“Whisk,” Google’s most recent artificial intelligence technology, allows users to upload photographs and receive a merged image that the AI has created. This is possible even without text input from users.
Users can submit photographs that illustrate subjects, settings, and styles, which Whisk will then integrate into a single image.
Google’s blog post describes Whisk as a “creative tool” that offers instant inspiration, not a “traditional image editor.” By its very nature, Whisk aims to be an enjoyable artificial intelligence function, not a refined professional work.
Large technology companies, such as Google and OpenAI, are rushing to deliver consumer goods that may demonstrate the applications of cutting-edge new technology. This is occurring despite critics warning that the lack of safeguards surrounding the development of artificial intelligence poses risks to humankind.
Since the original debut of OpenAI’s text-to-image production tool, Dall-E, in 2021, the idea of artificial intelligence-generated artwork has become a focal point of consumer products and has dominated social media. Google developed Whisk, an image-to-image generator, based on the widely-used concept of text-to-image generators.
Individuals that use Whisk have the ability to “remix” the final image by modifying their inputs and combining the categories in order to generate a variety of distinctive images, such as a plush toy, enamel pin, or sticker. It is not necessary for users to include text in order to generate an image; nevertheless, they may do so if they wish to direct certain information.
Thomas Iljic, a director of product management at Google Labs, said in a statement that “Whisk allows users to remix a subject, scene, and style in new and creative ways.” “Whisk offers rapid visual exploration rather than pixel-perfect edits,” Iljic said.
Google’s Whisk is based on generative artificial intelligence (AI), which DeepMind, an AI lab that Google acquired in 2014, developed.
Utilizing Google’s core artificial intelligence service, Gemini, which was introduced in December 2023, and combining it with Imagen 3, the most recent text-to-image generator that DeepMind published in December, Whisk is able to perform its functions.
Gemini generates a caption for each image users upload, which Imagen 3 then uses.

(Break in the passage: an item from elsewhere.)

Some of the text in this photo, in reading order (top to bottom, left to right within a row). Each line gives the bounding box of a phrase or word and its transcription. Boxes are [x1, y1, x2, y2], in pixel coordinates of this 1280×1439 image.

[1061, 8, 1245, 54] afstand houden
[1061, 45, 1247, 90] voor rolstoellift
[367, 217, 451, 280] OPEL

The method captures the “essence” of the subject, allowing for remixes of the resulting image, but it may deviate from the prompt.

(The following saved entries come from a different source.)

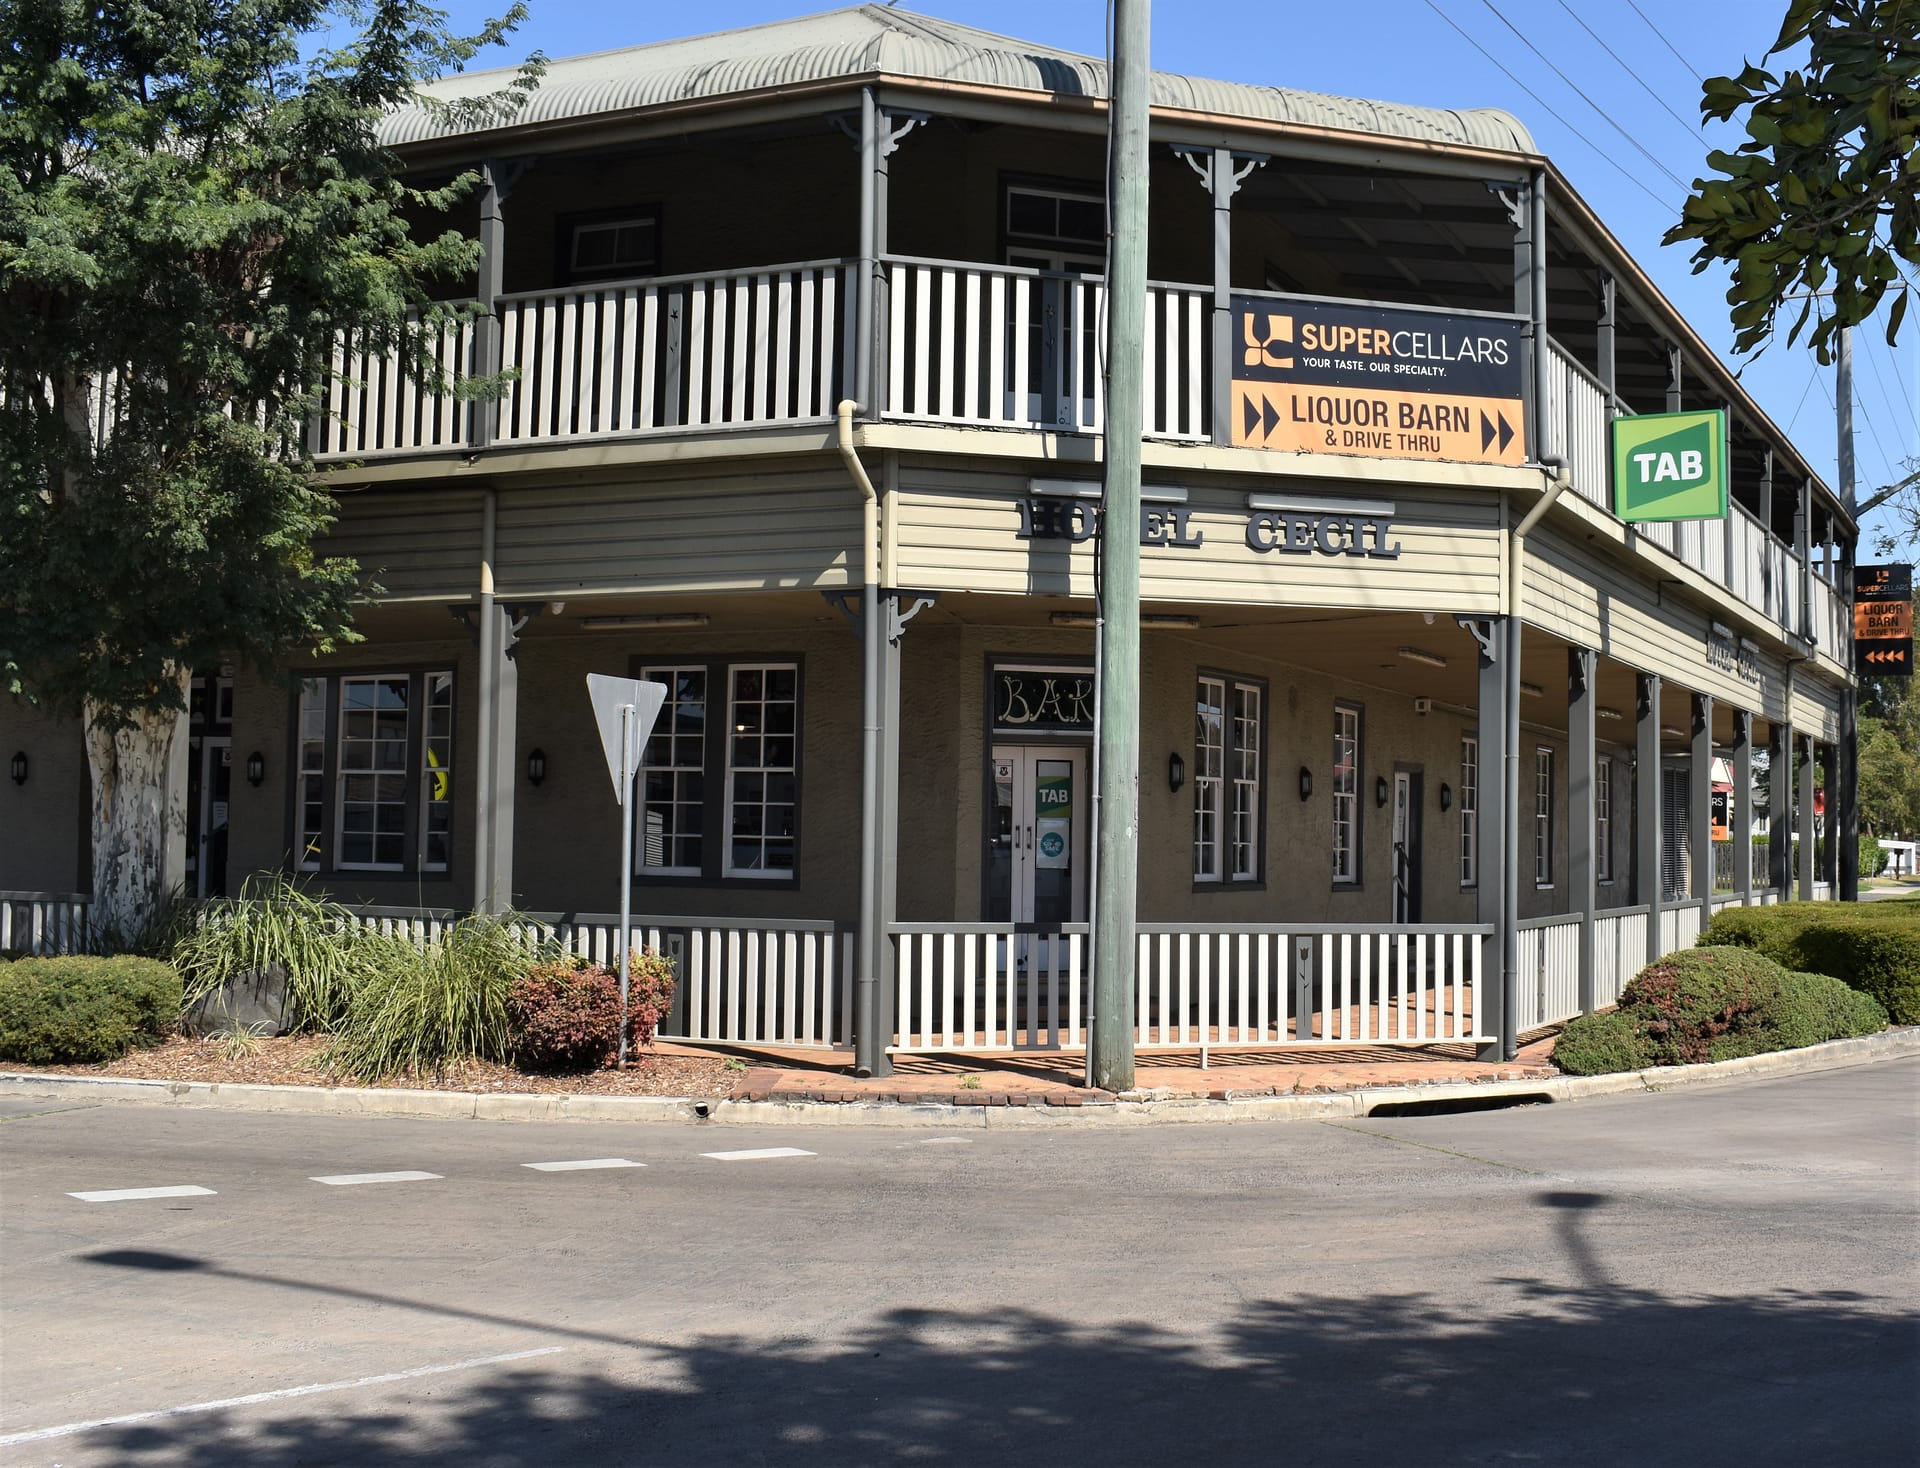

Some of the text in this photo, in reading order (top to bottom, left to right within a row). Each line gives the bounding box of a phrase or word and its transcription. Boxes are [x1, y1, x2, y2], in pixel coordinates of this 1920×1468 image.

[1302, 323, 1508, 365] SUPERCELLARS
[1302, 357, 1447, 377] YOUR TASTE. OUR SPECIALTY.
[1292, 394, 1470, 433] LIQUOR BARN
[1325, 429, 1441, 453] & DRIVE THRU
[1633, 450, 1703, 483] TAB
[1016, 499, 1401, 557] HOEL CECIL
[1863, 604, 1903, 616] LIQUOR
[1869, 616, 1899, 627] BARN
[1890, 627, 1910, 636] THRU
[998, 675, 1093, 724] BAR
[1039, 789, 1068, 803] TAB

For instance, a Google blog post states that the generated image may differ from the photographs used as prompts in terms of height, hairstyle, or skin tone.
Google faced initial criticism when it first released Gemini’s text-to-image generator in February because the tool consistently produced incorrect images throughout history.

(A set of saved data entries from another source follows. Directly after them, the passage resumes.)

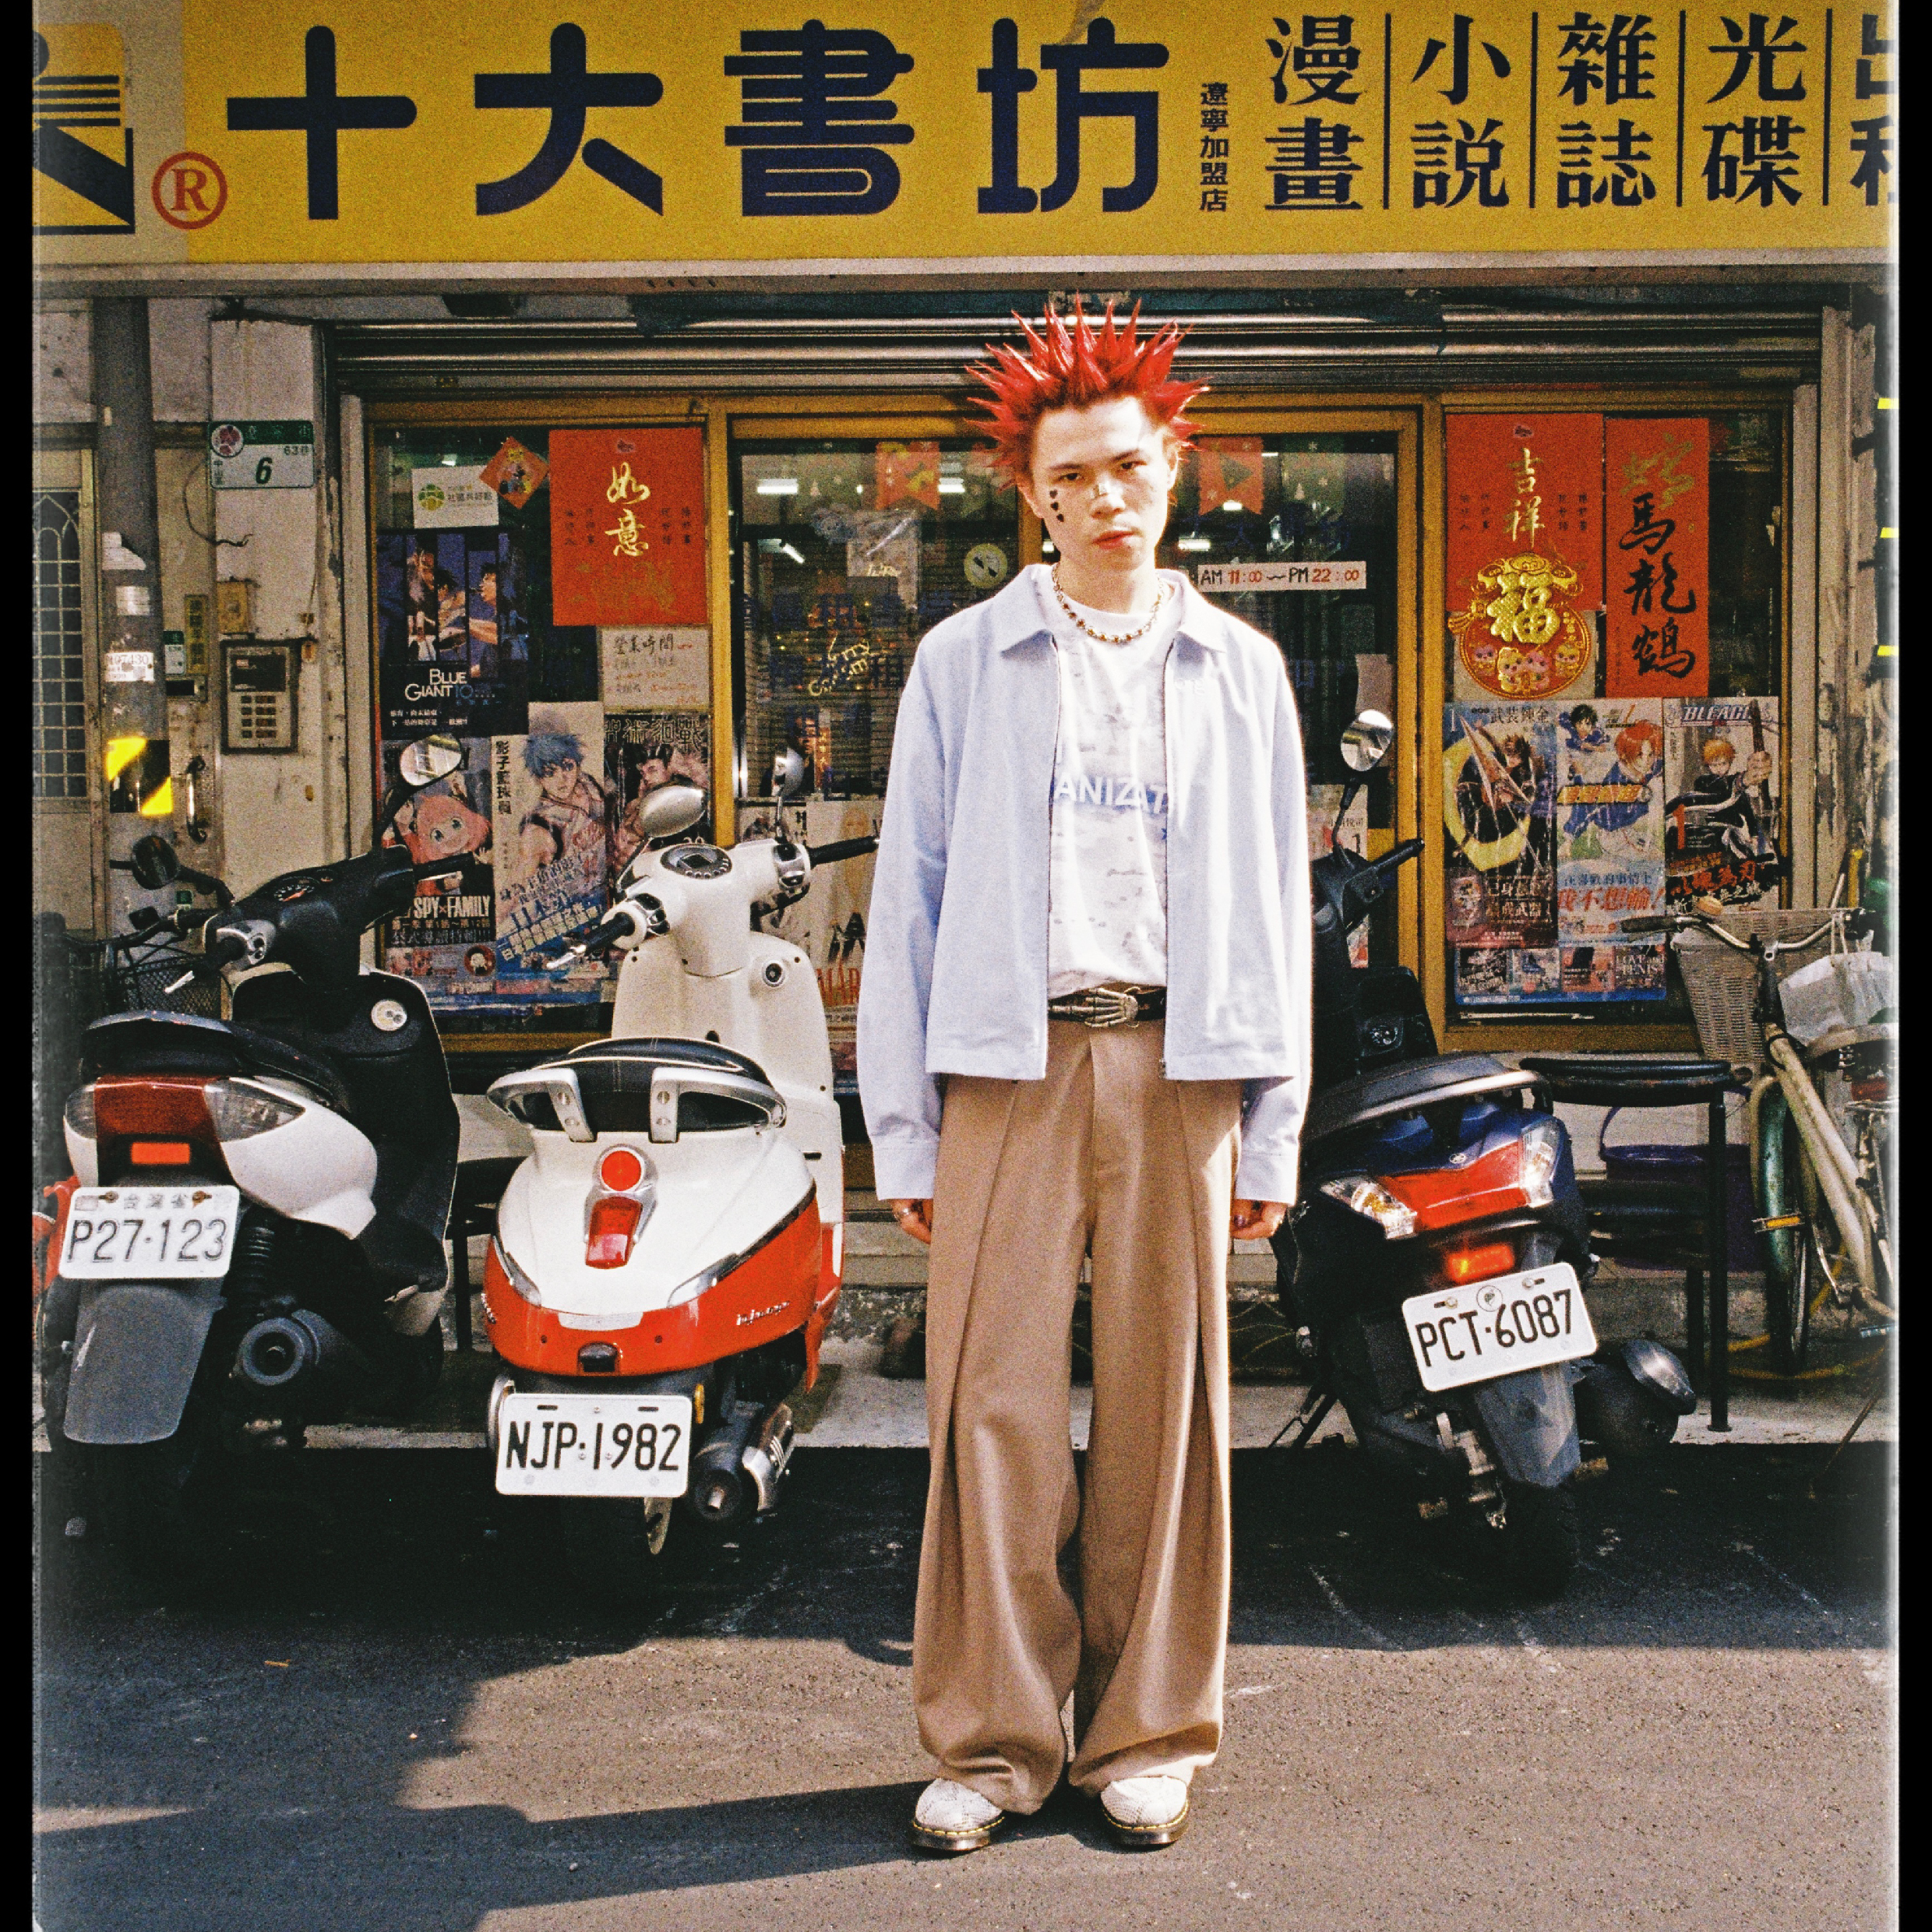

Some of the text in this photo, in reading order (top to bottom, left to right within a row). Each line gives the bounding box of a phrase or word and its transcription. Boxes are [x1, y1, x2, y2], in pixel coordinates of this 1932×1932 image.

[227, 18, 1169, 220] 十大書坊
[1200, 82, 1229, 213] 遼寧加盟店
[1263, 14, 1365, 211] 漫畫
[1558, 11, 1656, 209] 雜誌
[1701, 14, 1807, 208] 光碟
[256, 457, 273, 485] 6
[605, 462, 651, 557] 如意
[1501, 447, 1545, 548] 吉祥
[1200, 569, 1223, 585] AM
[1289, 566, 1309, 583] PM
[1486, 571, 1560, 645] 福
[404, 683, 454, 702] GIANT
[429, 668, 468, 686] BLUE

According to the business, Whisk is now in its preliminary phases of development and will initially be accessible to consumers in the United States through a website hosted on Google Labs.
In addition, OpenAI has only recently developed a text-to-video generator known as Sora, which brings attention to the rivalry for consumer goods.
Dan Ives, the managing director and senior equities analyst at Wedbush Securities, delivered a speech this morning, characterizing it as another significant milestone in Google’s pursuit of artificial intelligence and technology.
Ives stated that “DeepMind is a key asset for Google,” and he also mentioned that artificial intelligence products are a part of Google’s “treasure chest” of new products for the year 2025. Google collaborated with Samsung and Qualcomm to develop a new Android operating system as part of these new products.